NEW CARROLLTON, Md. (WUSA)-- After a horrific Metro Red Line tragedy in 2009 that killed nine people and injured 76, Maryland's Congressional delegation led the way in pushing for reform, insisting on national safety standards.
"We've been on the job. We see ourselves as safety officers. We're going to continue this work. We passed the legislation," announced Senator Barbara Mikulski, of Maryland.
Until now, there was not a single federal safety regulation for Metro trains or any other passenger train nationwide.
"Since 1964, there has been a gaping loophole in transit safety oversight," said Peter Rogoff, Administrator of the Federal Transit Administration.

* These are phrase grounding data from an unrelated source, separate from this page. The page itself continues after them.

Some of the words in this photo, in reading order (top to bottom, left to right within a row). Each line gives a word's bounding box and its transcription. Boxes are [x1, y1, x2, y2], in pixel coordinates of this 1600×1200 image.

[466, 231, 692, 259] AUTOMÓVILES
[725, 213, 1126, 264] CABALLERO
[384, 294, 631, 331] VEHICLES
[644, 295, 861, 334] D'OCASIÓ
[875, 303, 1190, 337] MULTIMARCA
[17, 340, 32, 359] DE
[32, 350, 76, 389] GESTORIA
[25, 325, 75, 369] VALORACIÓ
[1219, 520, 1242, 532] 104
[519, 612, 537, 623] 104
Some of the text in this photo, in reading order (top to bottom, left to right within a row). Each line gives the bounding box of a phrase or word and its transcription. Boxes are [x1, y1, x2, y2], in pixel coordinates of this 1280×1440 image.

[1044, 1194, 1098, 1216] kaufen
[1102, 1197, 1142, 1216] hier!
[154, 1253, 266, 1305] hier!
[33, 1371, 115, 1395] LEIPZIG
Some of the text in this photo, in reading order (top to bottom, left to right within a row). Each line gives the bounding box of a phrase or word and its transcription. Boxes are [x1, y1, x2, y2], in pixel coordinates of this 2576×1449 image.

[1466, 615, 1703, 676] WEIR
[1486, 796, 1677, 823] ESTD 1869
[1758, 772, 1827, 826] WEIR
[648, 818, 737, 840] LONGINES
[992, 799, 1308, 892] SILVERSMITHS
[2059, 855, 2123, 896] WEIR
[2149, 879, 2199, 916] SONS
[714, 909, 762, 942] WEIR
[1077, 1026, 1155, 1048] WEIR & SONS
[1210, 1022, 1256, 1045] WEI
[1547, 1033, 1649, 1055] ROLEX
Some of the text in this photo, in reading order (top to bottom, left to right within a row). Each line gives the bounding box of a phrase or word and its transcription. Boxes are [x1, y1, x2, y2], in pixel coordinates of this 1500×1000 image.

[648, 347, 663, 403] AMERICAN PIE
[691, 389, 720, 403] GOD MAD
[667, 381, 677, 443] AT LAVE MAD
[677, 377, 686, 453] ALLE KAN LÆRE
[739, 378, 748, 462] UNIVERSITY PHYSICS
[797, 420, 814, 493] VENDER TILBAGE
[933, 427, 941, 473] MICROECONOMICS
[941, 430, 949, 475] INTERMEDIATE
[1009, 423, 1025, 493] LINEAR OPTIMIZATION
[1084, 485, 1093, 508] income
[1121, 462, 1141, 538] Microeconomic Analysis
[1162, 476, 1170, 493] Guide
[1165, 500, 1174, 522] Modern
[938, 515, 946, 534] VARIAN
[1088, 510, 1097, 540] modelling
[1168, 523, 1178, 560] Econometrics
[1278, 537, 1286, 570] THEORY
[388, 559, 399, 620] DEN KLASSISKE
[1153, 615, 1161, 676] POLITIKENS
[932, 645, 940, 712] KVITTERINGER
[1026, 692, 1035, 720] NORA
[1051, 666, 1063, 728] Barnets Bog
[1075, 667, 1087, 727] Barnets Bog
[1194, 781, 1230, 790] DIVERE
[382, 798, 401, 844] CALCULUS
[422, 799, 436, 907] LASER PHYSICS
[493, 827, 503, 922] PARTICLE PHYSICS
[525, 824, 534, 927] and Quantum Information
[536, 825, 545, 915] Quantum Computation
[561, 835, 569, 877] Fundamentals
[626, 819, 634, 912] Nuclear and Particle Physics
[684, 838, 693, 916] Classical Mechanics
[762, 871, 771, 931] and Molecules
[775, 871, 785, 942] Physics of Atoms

"There was an absence in the culture of safety. This is nation's transit system. Our nation depends upon the Metro here," said Senator Ben Cardin, of Maryland.
Among the safety measures now under consideration:
--A minimum standard for a train cars' ability to withstand a crash
--Data recorders, or "black boxes," on each Metro trains
--Work rules, including hour-of-service limits so Metro conductors get enough sleep between shifts
"The legislators have done what they needed to do-give the authority to establish these safety standards. It's now up to Metro, the operators and the regulators to make sure that that promise is fulfilled," said National Transportation Safety Board Chair Deborah Hersman.
Each transit agency across the country will submit a safety plan. Those who do not meet the new standards will face the potential of losing grant money or other undetermined consequences.